Freed POW Alex Drueke Celebrates Veterans Day with Luncheon in Tuscaloosa
Alex Drueke was honored on Veterans Day with an intimate luncheon with several other local veterans and guests at Logan's Roadhouse.
Drueke spent over 100 days in the captivity of Russian-backed forces in Ukraine before being released, and his family honored him with the luncheon Friday to celebrate and remember those who sacrificed their lives to protect and serve the country.
Drueke shared stories from his captivity with guests, including District 6 Tuscaloosa City Councilman John Faile and members of the American Legion Honor Guard. Drueke said despite the torture he and friend Andy Huynh endured during captivity, the pair can now lighten the mood over jokes.
"Most of the time when me and Andy get together now, we just laugh about it," Drueke said. "We have inside jokes and so many stories and we realized humor can keep you alive."

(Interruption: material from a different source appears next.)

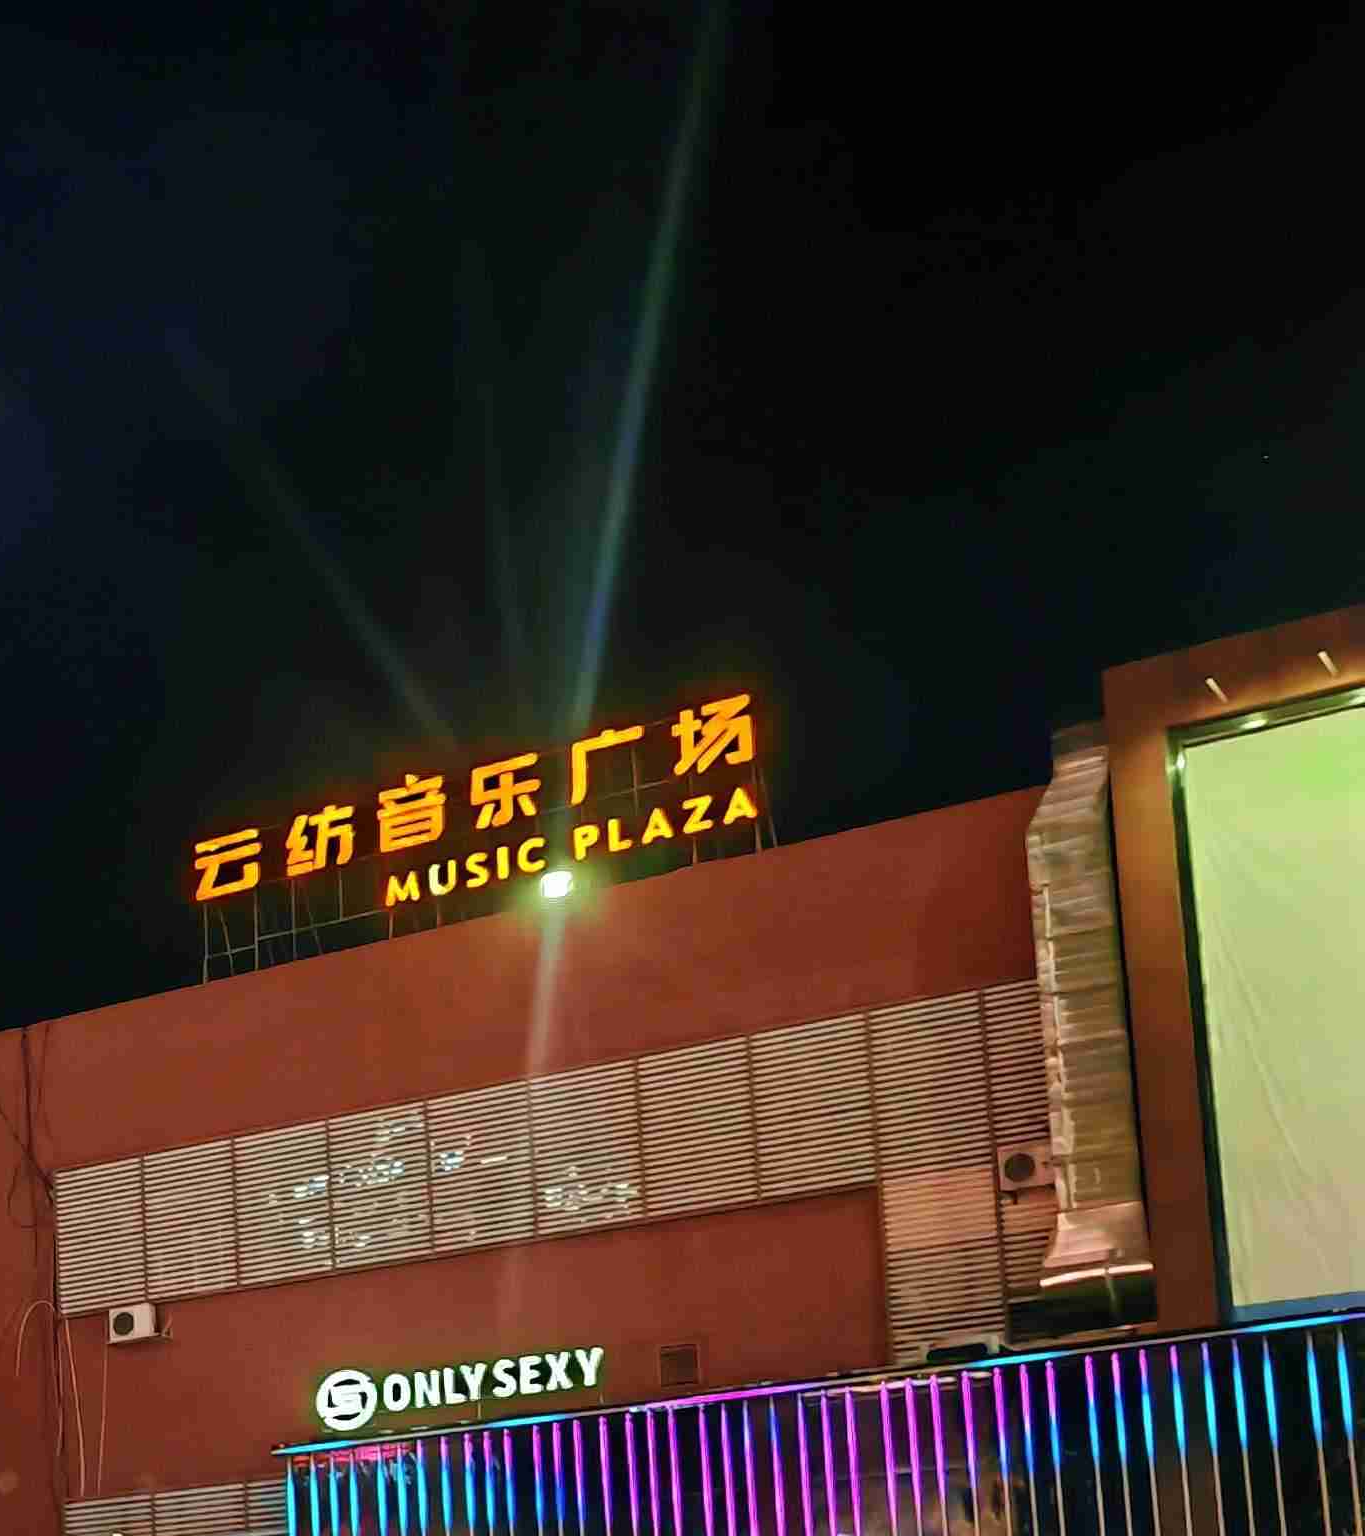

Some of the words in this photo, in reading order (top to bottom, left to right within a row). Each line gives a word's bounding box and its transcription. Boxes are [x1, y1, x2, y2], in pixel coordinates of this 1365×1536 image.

[194, 694, 755, 902] 云纺音乐广场
[386, 836, 548, 907] MUSIC
[573, 787, 759, 862] PLAZA

Drueke, a U.S. Army veteran, said it is an honor to have the opportunity to serve the country and thinks it should be celebrated to recognize the services men and women have made to serve the country.
"I didn't join the U.S. military for fame and fortune," Drueke said. "I didn't go to Ukraine for fame and fortune. I did it because I felt obligated to protect their country and I felt obligated to protect democracy. Veterans Day has always been special to me and it's even more special being able to be home to celebrate it."

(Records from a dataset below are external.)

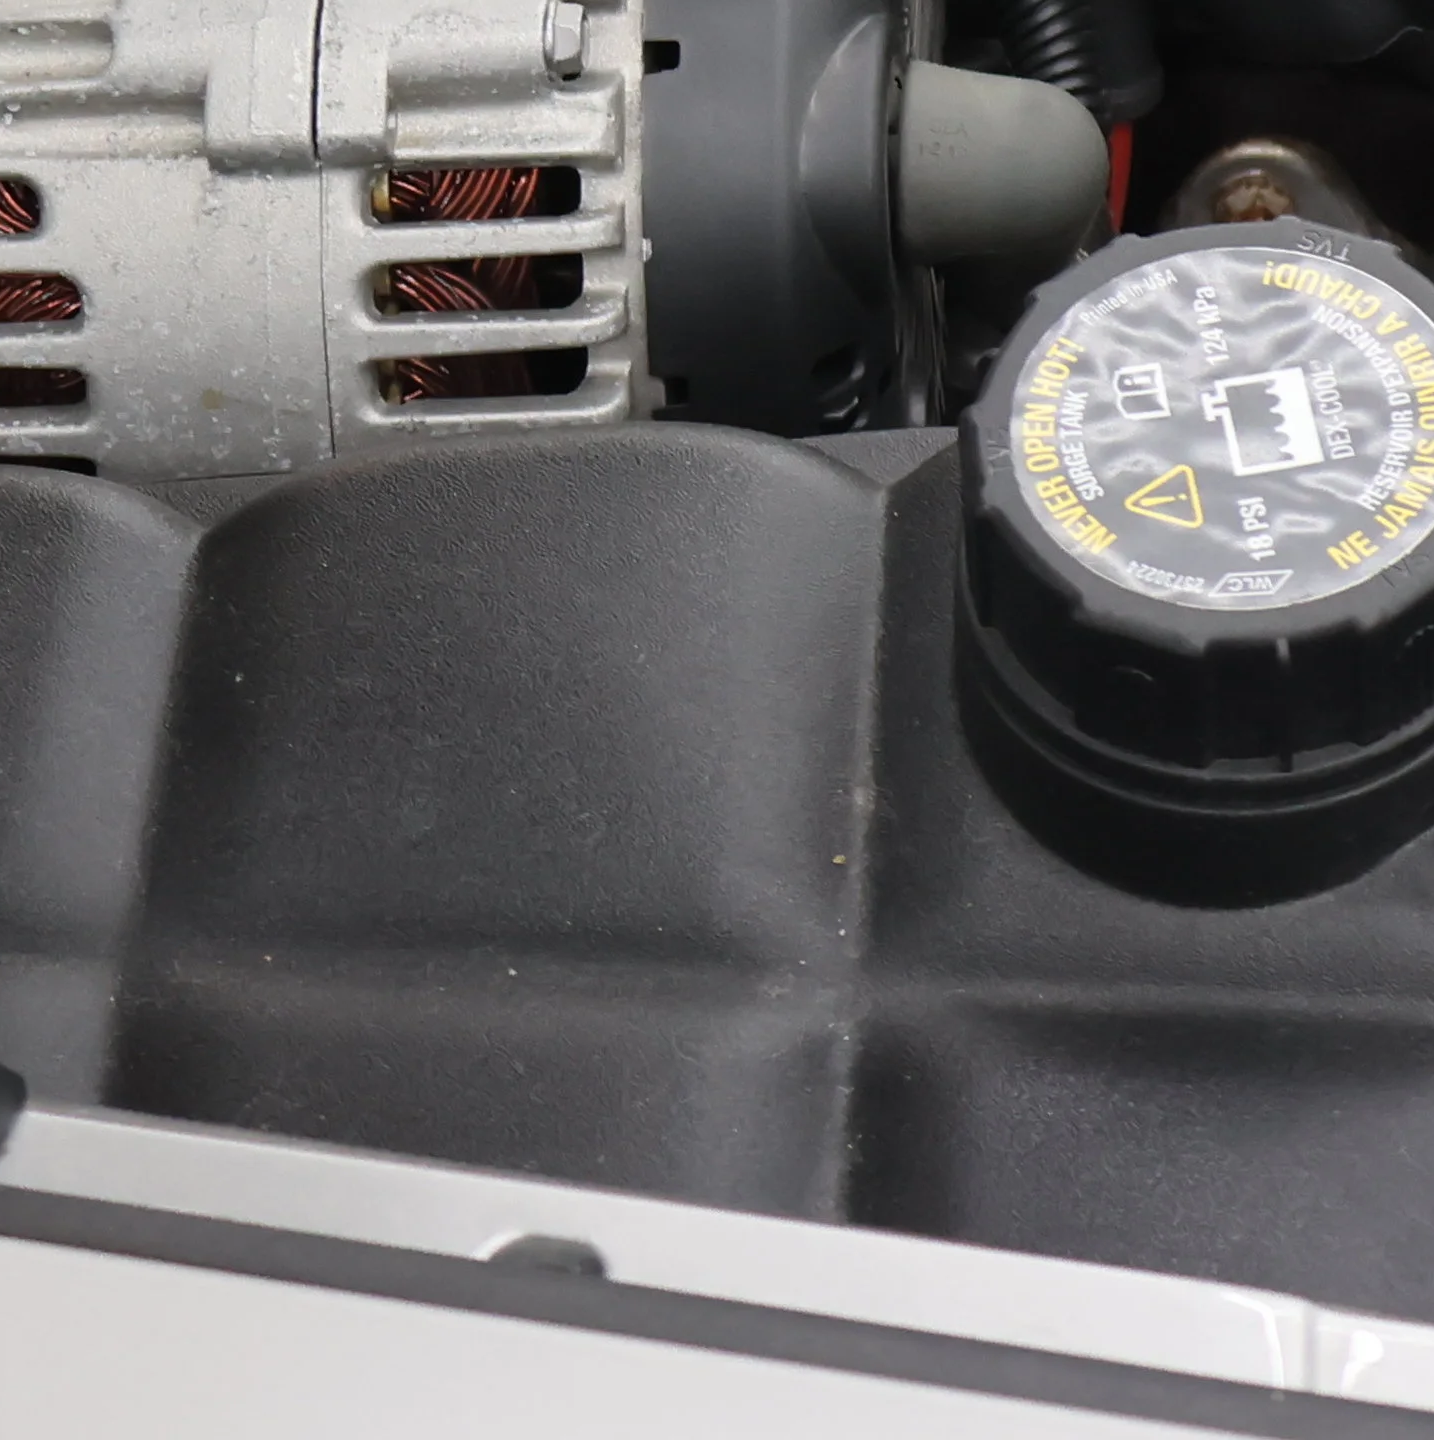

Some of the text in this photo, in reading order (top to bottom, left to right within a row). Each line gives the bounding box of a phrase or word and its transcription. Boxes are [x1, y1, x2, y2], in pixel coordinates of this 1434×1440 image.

[1296, 229, 1351, 262] TVS
[1142, 268, 1179, 290] USA
[1261, 259, 1383, 320] CHAUD!
[1192, 285, 1230, 367] 124 kPa
[1375, 310, 1410, 337] A
[1311, 304, 1415, 512] RESERVOIR D'EXPANSION
[1022, 336, 1118, 556] NEVER OPEN HOT!
[1060, 388, 1105, 502] SURGE TANK
[1237, 496, 1277, 562] 18 PSI
[1326, 529, 1380, 571] NE
[1226, 575, 1274, 593] WLC

Faile said he is excited for Drueke and his family to have the opportunity to celebrate his sacrifice and the sacrifice of other servicemen and women.
"If it wasn't for them, there wouldn't be a United States of America," Faile said. "We owe all we have to the men and women that have fought for us, and so many that gave their all. I admire them for giving their life for the service of this country. We can't do enough for them."
Drueke said he and Huynh are working to turn their experience in captivity into something production, with hopes of one day being able to help others who may find themselves in similar situations.
"There are a lot of possible options on the table so I am taking my time to make sure I am picking the right ones," Drueke said. "I realize we have a very unique experience and we have the potential a lot of good with it. I'm looking at ways to possibly get into government advisement so that I can help train people who may be in this situation and hopefully save some American lives."